The Arctic is undergoing a pronounced and rapid transformation in response to changing greenhouse gasses, including a reduction in sea ice extent and thickness. There are also projected increases in near-surface Arctic wind. Decreasing sea ice concentration is making the Arctic more accessible, and the combination of more open water with stronger winds can lead to larger wave heights, which drive coastal erosion and can be a hazard to ships. Therefore, it is particularly important to fully understand the relationships between sea ice loss and near-surface winds due to the large human and physical system impacts.
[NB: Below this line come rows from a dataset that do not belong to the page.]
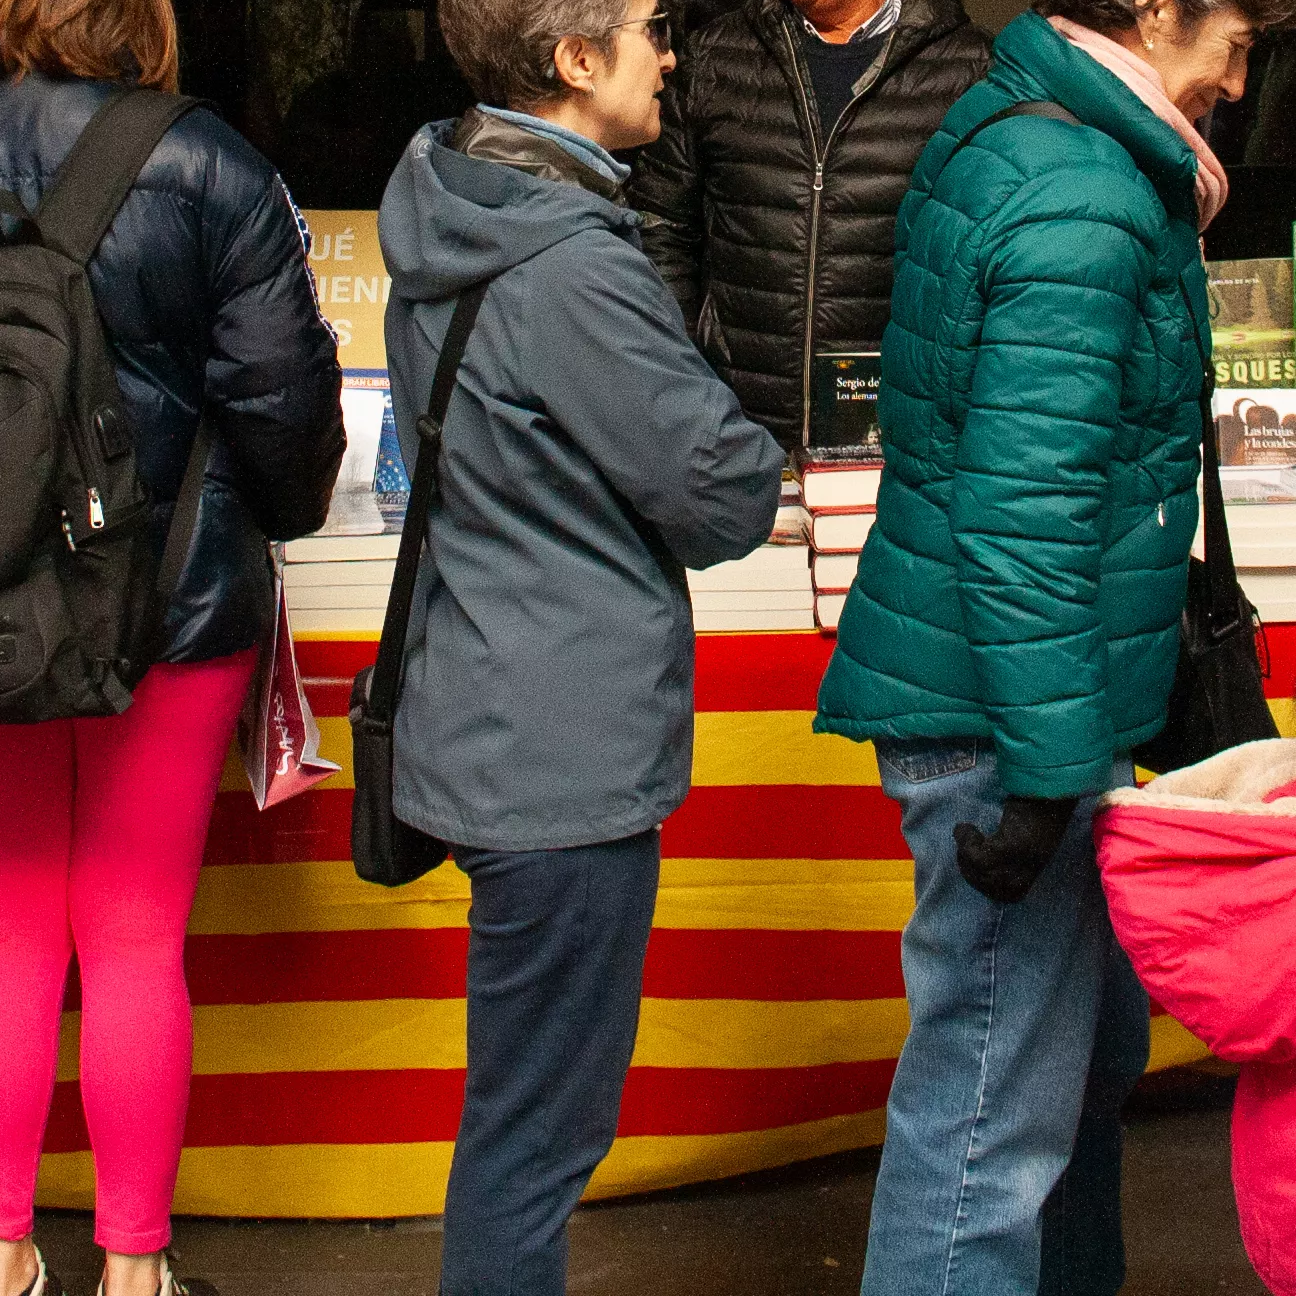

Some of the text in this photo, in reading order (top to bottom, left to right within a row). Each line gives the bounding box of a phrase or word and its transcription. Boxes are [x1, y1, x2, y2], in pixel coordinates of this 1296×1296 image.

[836, 377, 866, 391] Sergio
[836, 391, 850, 400] Los
[1244, 425, 1295, 438] Las brujas
[1245, 439, 1252, 449] y
[1252, 438, 1261, 448] la
Two possible drivers of increasing Arctic near-surface winds are (1) reduced atmospheric stability due to enhanced surface warming as sea ice melts could lead to enhanced turbulent transport from the free troposphere downward, and (2) reduction in surface roughness due to the transition from sea ice cover to open ocean could lead to an acceleration of near-surface winds.
This study addresses how wind trends may be driven by changing surface roughness and/or stability in different Arctic regions and seasons, by comparing CESM2 experiments with artificially decreased sea ice roughness to the 50 members of the CESM2 Large Ensemble. Our results are important because they show that sea ice loss is driving future changes in meteorological near-surface conditions that can impact vessel-based transportation in the Arctic.
The surface roughness change from sea ice loss drives about 30-60% of the near-surface wind trends in autumn and winter. Thus, the near-surface wind trends are the result of how sea ice loss drives changes in both surface roughness and near-surface atmospheric stability, yet the sea ice mean state and trends are not driven by coupled impacts from surface roughness on near-surface winds or fluxes but from the overall warming trend due to increasing greenhouse gas emissions. Many state-of-the-art Earth system models use a single constant to represent ice roughness, while observed sea ice roughness varies due to ice conditions, including concentration, thickness, ridge fraction, pond fraction, etc. Because the Arctic wind trends do depend on surface roughness, it is important to better understand how surface roughness may change in the future by using more sophisticated and realistic representations of surface roughness in coupled models.